Now we're getting somewhere.
As you can see Sarah has become a favorite of the magazine world. In addition to gracing the covers of fitness magazines she's twice been named to the Maxim Hot 100 list. Not bad for somebody you've never heard of.
Holy fucknut, Batman!
More recently she's transitioned from stationary spooge target to a rather legitimate actress, and now I really want to fuck her. Unfortunately I'm not the only one...
All that sexiness and the crucial drug connects? I may have to turn in my talis.
Believe it or not that was the very same Sarah Shahi from last week's breakthrough episode of The Sopranos. Although she's done quite a bit of acting in her past fucking Tony Soprano can immediately triple your Q rating. If you already knew Sarah before it was probably from her role in Showtime's The L Word, a delightfully sexy show about a bunch of ladies who just haven't managed to meet the right man. If you aren't familiar with the show I'd recommend checking OnDemand to see if the second season is available for your viewing pleasure. Granted, I've never "seen" the show but from what I can tell from the stills it's a winner all the way around...
If you're interested in seeing more of this Persian princess you might be in luck (and if you aren't interested you should probably get tested for The Gay ASAP). She's got a new pilot hitting the small screen this fall, unfortunately it's on NBC (your favorite fourth place network) so it's destined to fail. Throw in the show's description (a wrongfully convicted detective leaves prison to re-join the force) and its star (Adam Arkin = Douche) and the show probably won't last more than a month. But fear not good readers, I'm always looking out for you. So enjoy this fantastic bonus picture of this week's muse (side effects may include tightening of the pants and general euphoria)...
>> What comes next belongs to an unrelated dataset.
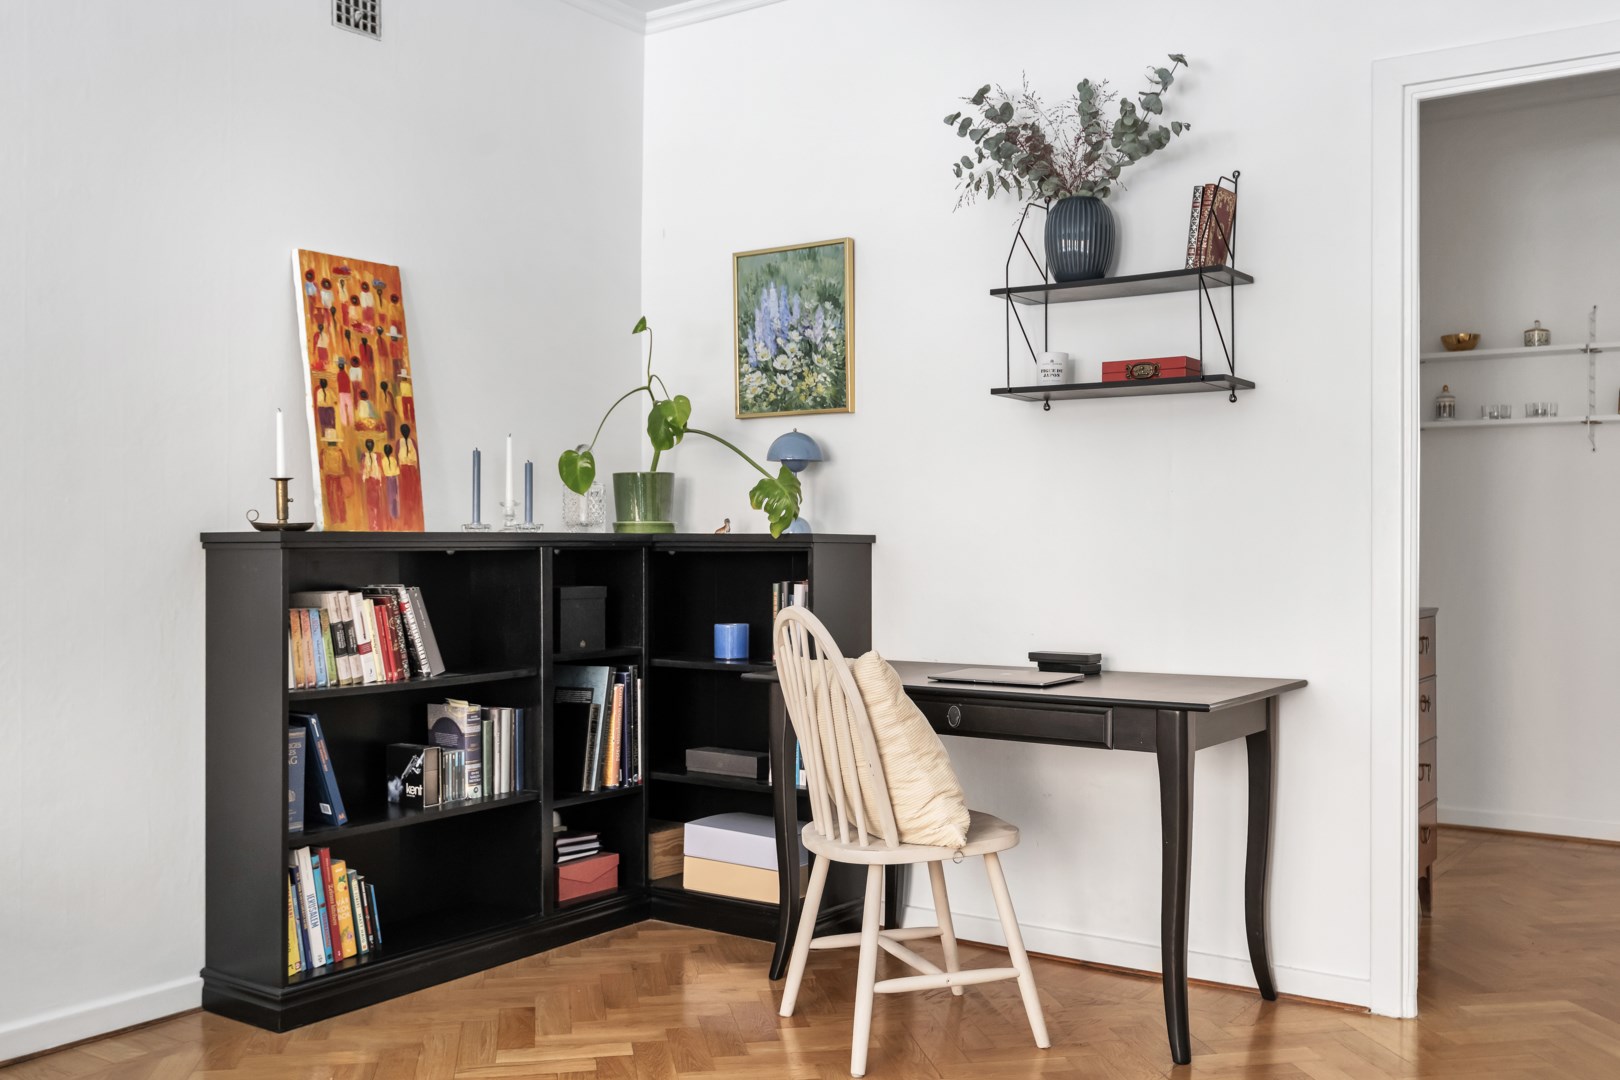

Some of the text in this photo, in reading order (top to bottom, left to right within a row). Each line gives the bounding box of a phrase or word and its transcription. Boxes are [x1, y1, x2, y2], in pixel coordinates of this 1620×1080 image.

Have a good weekend, and if you get a chance check out Andre Berto on the undercard of tomorrow's fight (it shouldn't last more than half a round and it will be well worth your time).
Big thanks to The Big Lead and Datehole Dateholer for dropping the knowledge
30 comments:
my cowboys-hating mind is at war with my tits-loving penis.
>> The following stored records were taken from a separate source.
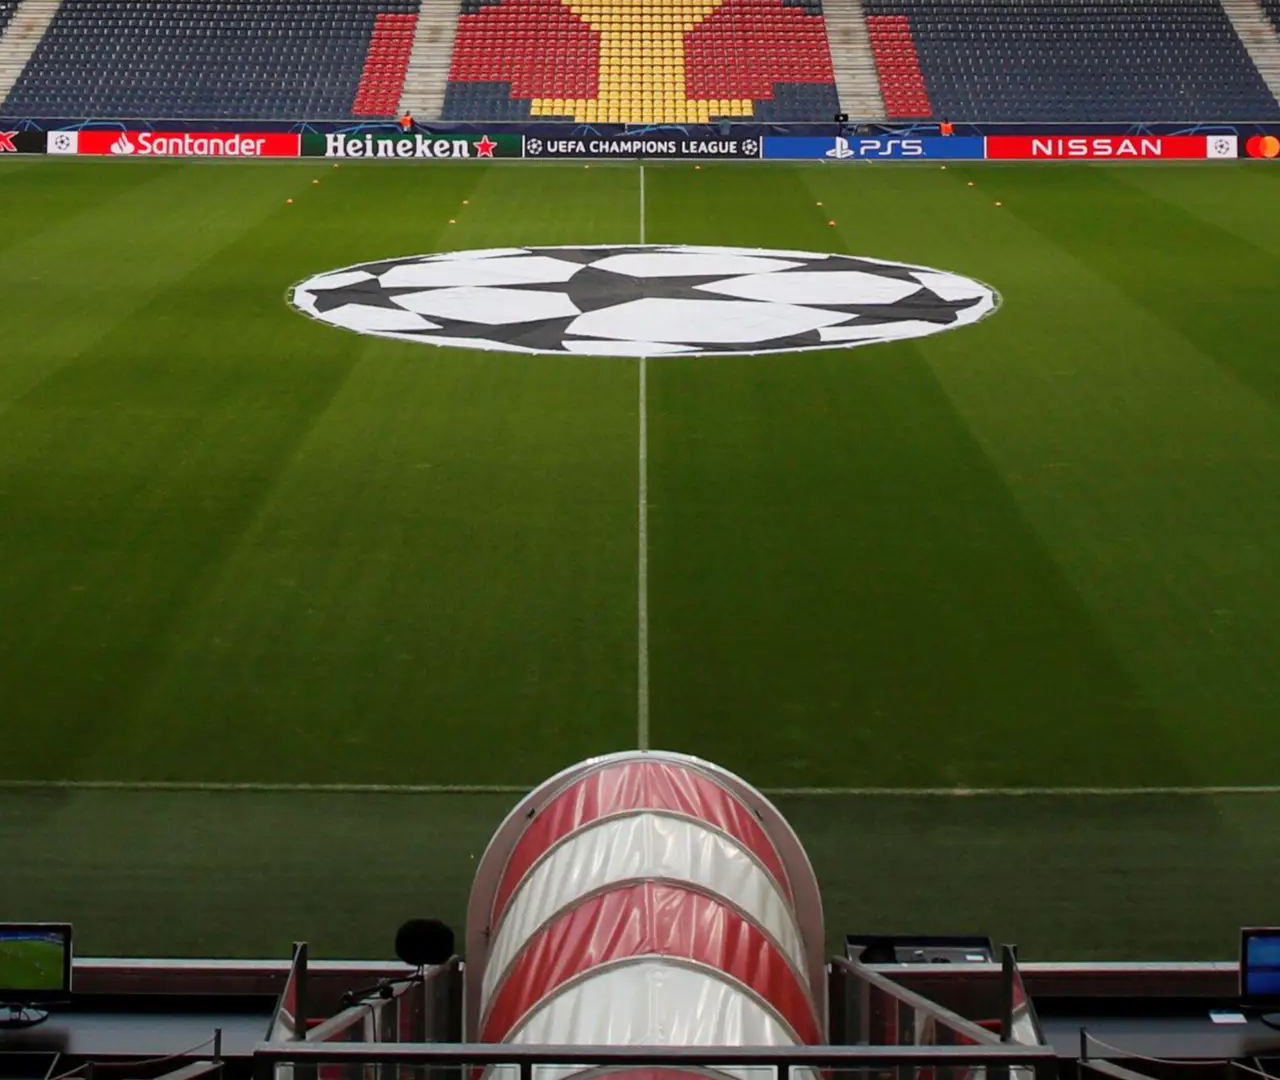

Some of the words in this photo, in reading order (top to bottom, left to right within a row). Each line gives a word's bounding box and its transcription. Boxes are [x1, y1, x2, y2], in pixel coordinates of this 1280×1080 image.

[137, 132, 265, 155] Santander
[325, 134, 470, 158] Heineken
[547, 139, 585, 154] UEFA
[590, 139, 676, 155] CHAMPIONS
[681, 140, 737, 156] LEAGUE
[860, 140, 923, 155] PS5
[1032, 139, 1162, 156] NISSAN
Talk about art imitating life, just last month I murdered my cousin and then flew to Vegas to fuck his ex.
In honor of the greatest Iranian wrestler ever:
I'd give her the Cameltoe Clutch.
Aahoo!!!!
Gesundheit
I wouldn't kick her out of the cave.
nice break from decicing whose ass we would like to kick.
now that is a celebrity(?) whose ass i would like to lick as opposed to kick.
This is something I already knew.
Arabs = Bad
Persians= Good
Write that on your hand for future reference.
What's the point of having a sex scene on HBO if you don't show boobies? Preferably not Tony's boobies. Definitely not Tony's boobies.
That girl can move though, I bet she used to dance.
Giiiirrrrl crush. I should have drafted her damnit. I've been a fan since her brief stint on Alias.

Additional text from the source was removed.